Unexpected but significant benefits
- “Clean House” opportunity: a data migration presents a unique opportunity for a law firm to clean up its data. Over time, many firms accumulate large amounts of unstructured, outdated or irrelevant data. By going through a data migration, the firm is forced to review, organise and clean its records, effectively starting with a clean slate.
- Digitisation of old files, with Optical Character Recognition (OCR): during a migration, many firms take the opportunity to digitise older paper-based records, transforming physical documents into digital formats that can be stored, managed and retrieved more easily. This process has the added benefit of allowing the firm to destroy or properly archive physical documents, thereby reducing long-term storage costs. OCR technology (which comes as standard with Tessaract) can automatically read documents and render their contents searchable–meaning that the process can actually significantly benefit document searchability.
- Addressing procrastination: predictably many firms can put off dealing with problematic data or system inefficiencies for years - even decades. A data migration forces a firm to confront these issues (which would otherwise exacerbate over time) head-on.
Data migration process overview
Overall, the goal of data migration is to ensure that a firm’s critical data remains intact, secure and functional within the new system, allowing for a smooth operational transition. Here are some of the steps that should be part of a best-practice process:
- Data evaluation: law firms must analyse their data to determine what needs to be migrated, often focusing on active data like client information, matters and financials, while archiving or cleaning up older, unnecessary records.

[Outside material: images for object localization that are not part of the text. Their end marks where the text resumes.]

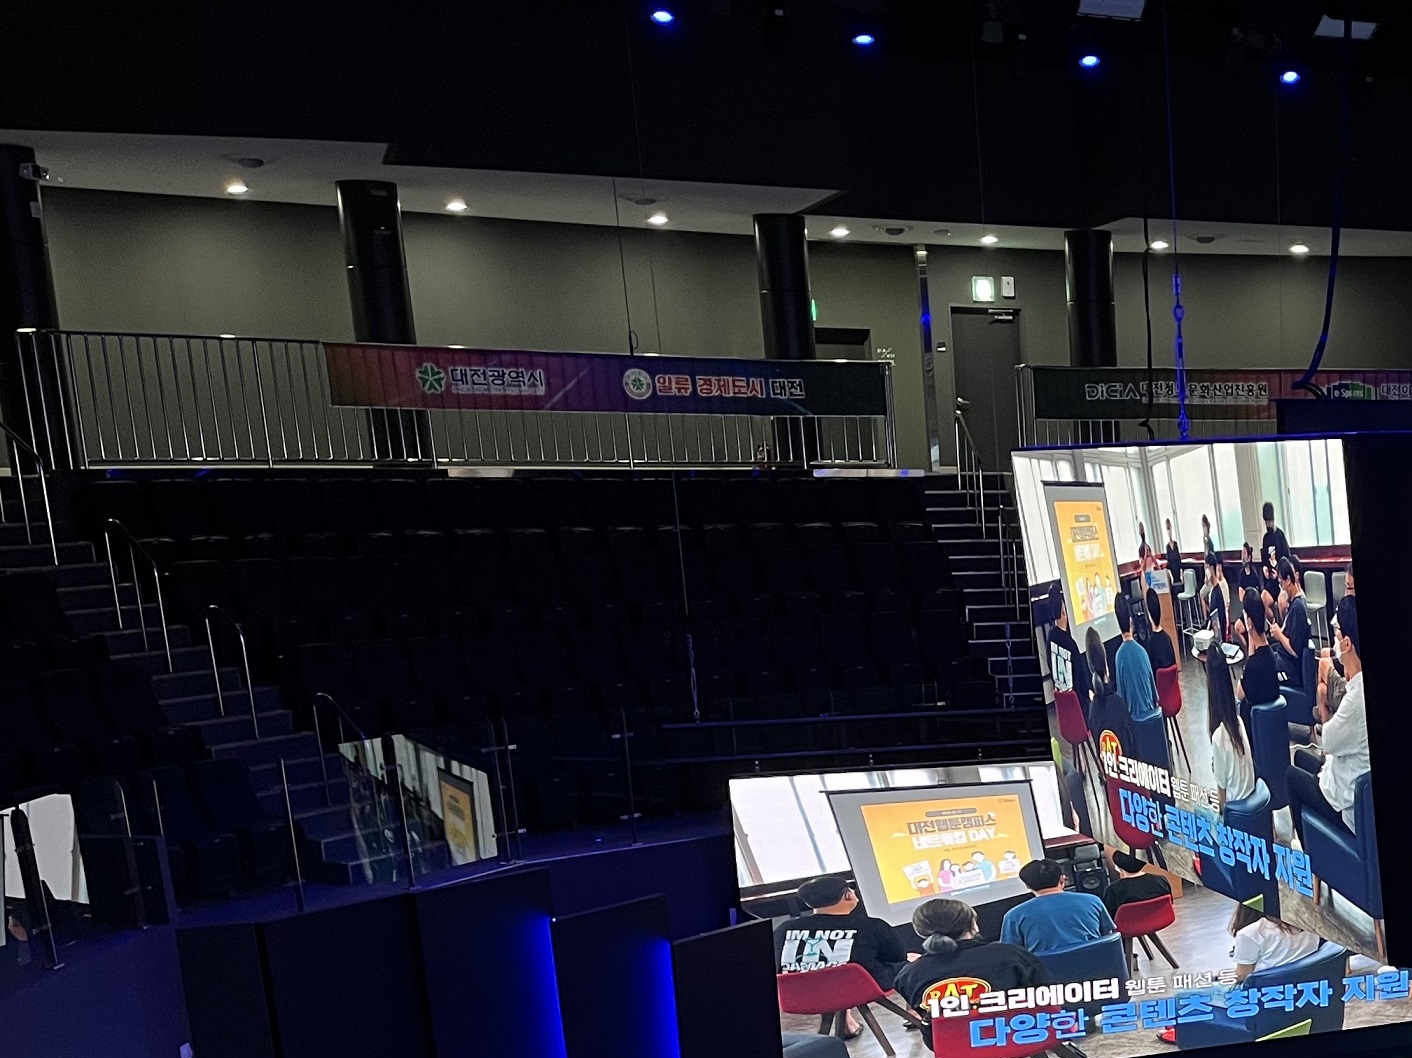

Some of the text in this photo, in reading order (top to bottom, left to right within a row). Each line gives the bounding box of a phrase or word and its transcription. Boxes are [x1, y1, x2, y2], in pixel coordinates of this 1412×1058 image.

[449, 367, 544, 387] 대전광역시
[656, 375, 805, 398] 일류 경제도시 대전
[1140, 381, 1268, 397] 전정문화산업진흥원
[1119, 755, 1172, 798] 크리에이터
[1171, 775, 1190, 803] 웹툰
[1209, 787, 1220, 813] 등
[969, 827, 996, 843] DAY
[1118, 788, 1314, 897] 다양한 콘텐츠 창작자 지원
[785, 929, 857, 941] IM NOT
[781, 939, 854, 962] IN
[927, 968, 1238, 1018] 1인 크리에이터 웹툰 패션 등
[969, 970, 1409, 1048] 다양한 콘텐츠 창작자 지원

- Data extraction: data is extracted from the old system, sanitised and reformatted as needed. This is a critical step: it is crucial that each field in the old system can be mapped to the new system. This shouldn’t cause too much consternation: the Professional Services team at your provider will have a deep understanding of how this process works and will have tricks up their sleeves to identify any issues which can be solved before they cause any damage.
- Data import: the success of Step 3 is entirely dependent upon the quality of the work carried out in Steps 2! If the data has been properly prepared, then importing it into the new system will be a breeze.
- Trial runs and acceptance testing: before fully migrating data, firms typically run test migrations to identify and resolve any issues, ensuring accuracy and completeness before going live.
- Validation: once the data has been migrated, it’s essential that a full validation process happens to reassure all stakeholders that the whole process has been successful. Validation is a mix of automation and manual checks, and is a team effort between client and vendor.
In terms of timescales, the scope and complexity of every data migration project is different and much will depend on factors such as the condition of the firm’s data, the cooperation of the provider of the system from which your data is being extracted, and the flexibility of the new system you are implementing.
In our experience of working with SME firms, a typical data migration project should take around 6-12 weeks, although we have seen migration take as little as 2-3 weeks when the firm and its data are well prepared.